Anonymous wrote:
Anonymous wrote:My kid’s godmother smokes and has visited a few times (from out of state). Agree with the PP, it’s not a big deal. She smokes outside and washes up/airs herself out before she goes back to holding or playing with our son. If your MIL is willing to curb the smoking and do it in a designated place away from your kid, I’d make that compromise. A child meeting/spending time with its grandparents and vice versa is important.
More important than a little baby inhaling carcinogens? GTFO.
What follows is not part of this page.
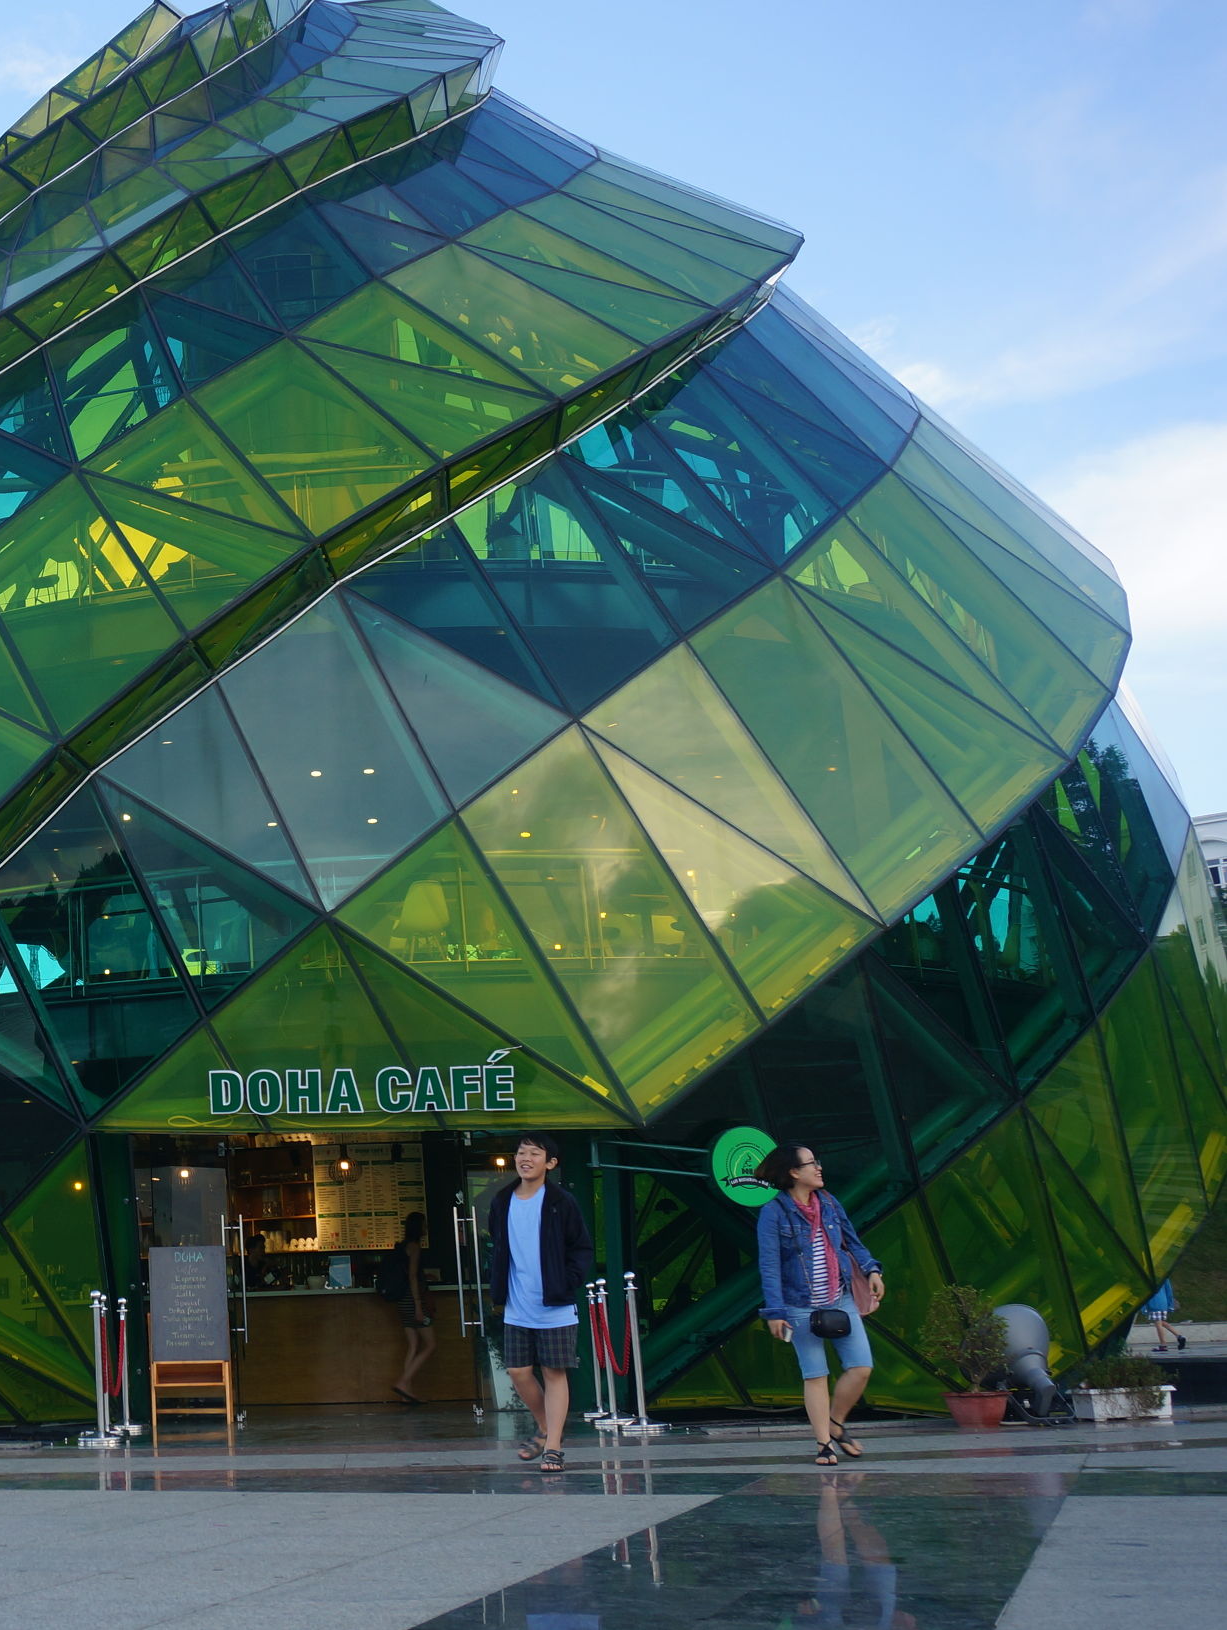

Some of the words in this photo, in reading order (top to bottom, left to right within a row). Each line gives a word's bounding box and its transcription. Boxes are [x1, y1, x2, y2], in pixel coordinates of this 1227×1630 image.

[208, 1068, 364, 1116] DOHA
[375, 1050, 516, 1113] CAFÉ
[174, 1251, 204, 1263] DOHA
No one is suggesting OP lets her MIL smoke in the house or near the child. Suggestions are that she do it outside and then wash, change clothes etc. The research on third hand smoke and carcinogens (such as what is posted by a PP) is based on smoking indoors—and residue on carpets, surfaces, clothing. That’s not the situation being suggested to OP. Sure, the ideal would be for OP’s MIL or my kid’s godmother to quit smoking. But that’s probably not going to happen—in the godmother’s case she has tried and gone back to it more than once and there’s a lot of trauma in her past. She’s an adult, she knows how we feel about the smoking but in the end I’d rather have her in my kid’s life—flaws and all—than out of it. So we compromise for the dozen or so days a year when she is with us to reduce risks of her habit for the baby.